War was coming to England’s shores, however, and Bert was keen to play his part. He enlisted in the 4th Battalion of the King’s Royal Rifle Corps as a Rifleman on 16th January 1912. His service records show that he stood 5ft 4ins (1.63m) tall, and weighed 121lbs (55kg). He had a fresh complexion, grey eyes, dark brown hair, and a tattoo on right wrist of two crossed hands.
When war broke out, Rifleman Burridge was sent to France and was caught up in the fighting early on. After three months at the front, during the winter of 1914, he contracted frostbite, and was medically evacuated back to England. He was admitted to the 2nd Eastern General Hospital in Brighton, but died of injuries on 9th February 1915. He was just 22 years of age.
Bert Burridge’s body was brought back to Devon for burial. He was laid to rest in the graveyard of St Mary’s Church in Wolborough, on the outskirts of Newton Abbot.
Bert’s headstone also includes a commemoration to his older brother, Frank. Seven years older than Bert, he had enlisted in the Devonshire Regiment as a Bugler when quite young. He passed away in the autumn of 1906, aged just 20, but further details are unclear.
William George Syms was born in in the spring of 1889, the oldest of two children to George and Rose Symes (both spellings are recorded). George was a postman from Devon, and the family were born and raised in Highweek, Newton Abbot.
When William left school, he followed in his father’s footsteps becoming a postman in his home town. Life was not without its ups and downs, however, and the 1911 census record him as an inpatient, convalescing from an unknown illness in Exmouth.
In the summer of 1913, William married Amelia Oliver, a gardener’s daughter, who also from Highweek.
When war broke out William was eager to play his part, and enlisted in the early months of the conflict, alongside a number of his colleagues. He joined the Royal Engineers, and was assigned to the 1st (Wessex) Division Signal Company. He was sent to France on 22nd December 1914 and was involved on the Front Line from early on.

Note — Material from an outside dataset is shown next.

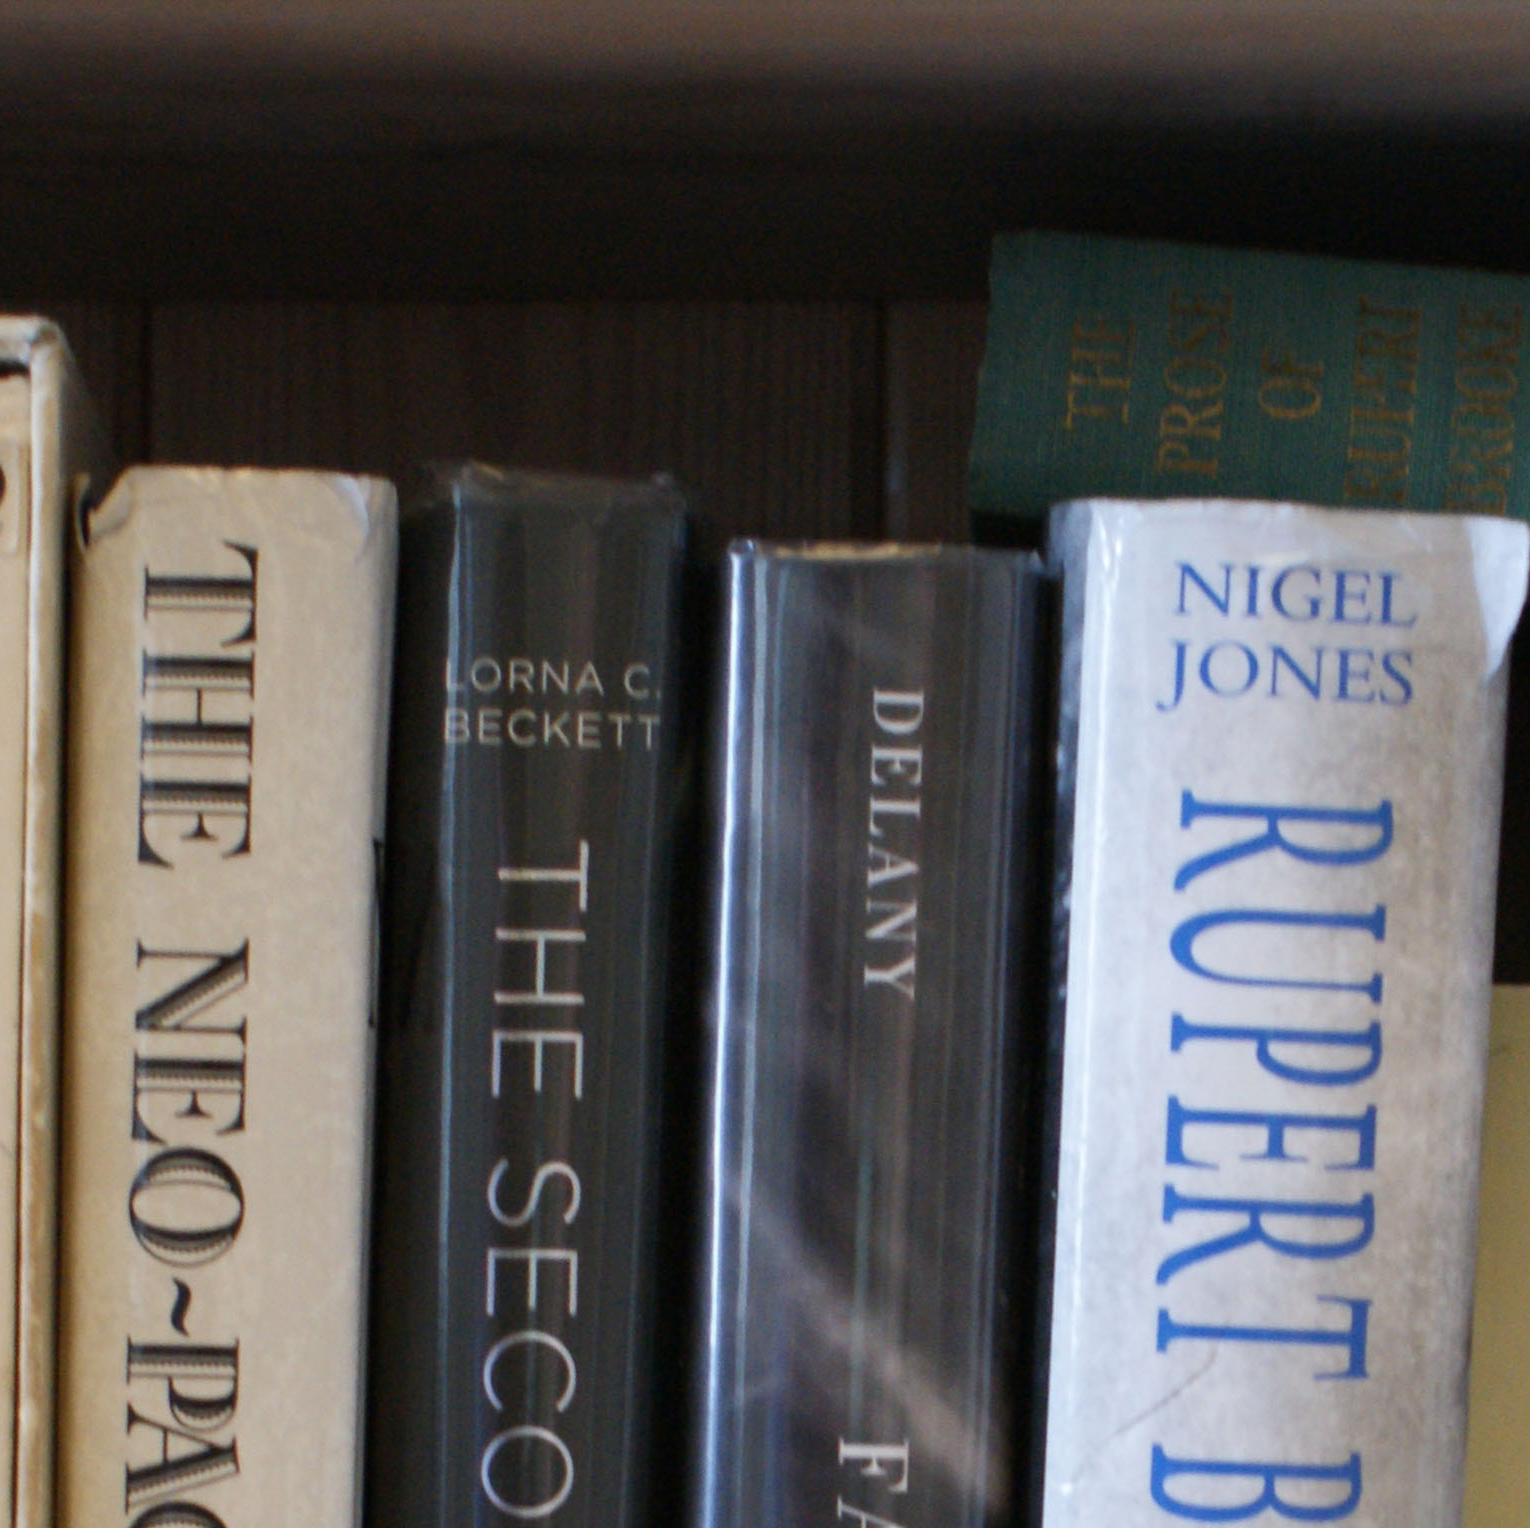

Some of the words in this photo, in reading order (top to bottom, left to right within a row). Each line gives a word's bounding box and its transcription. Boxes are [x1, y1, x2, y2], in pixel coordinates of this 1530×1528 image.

By the spring of 1915, he was fighting at Ypres, and was badly injured, fracturing both legs and suffering from the effects of being gassed. Serjeant Syms – as he was by then ranked – was medically evacuated to England for treatment. He was admitted to the Auxiliary Military Hospital in Manchester, but died of his injuries on 12th May 1915. He was just 26 years old.
William George Syms’ body was brought back to Devon for burial. He was laid to rest in the graveyard of All Saints Church in his home town of Highweek. Tragically, he was never to see his son, also called William, who had been born just two months before.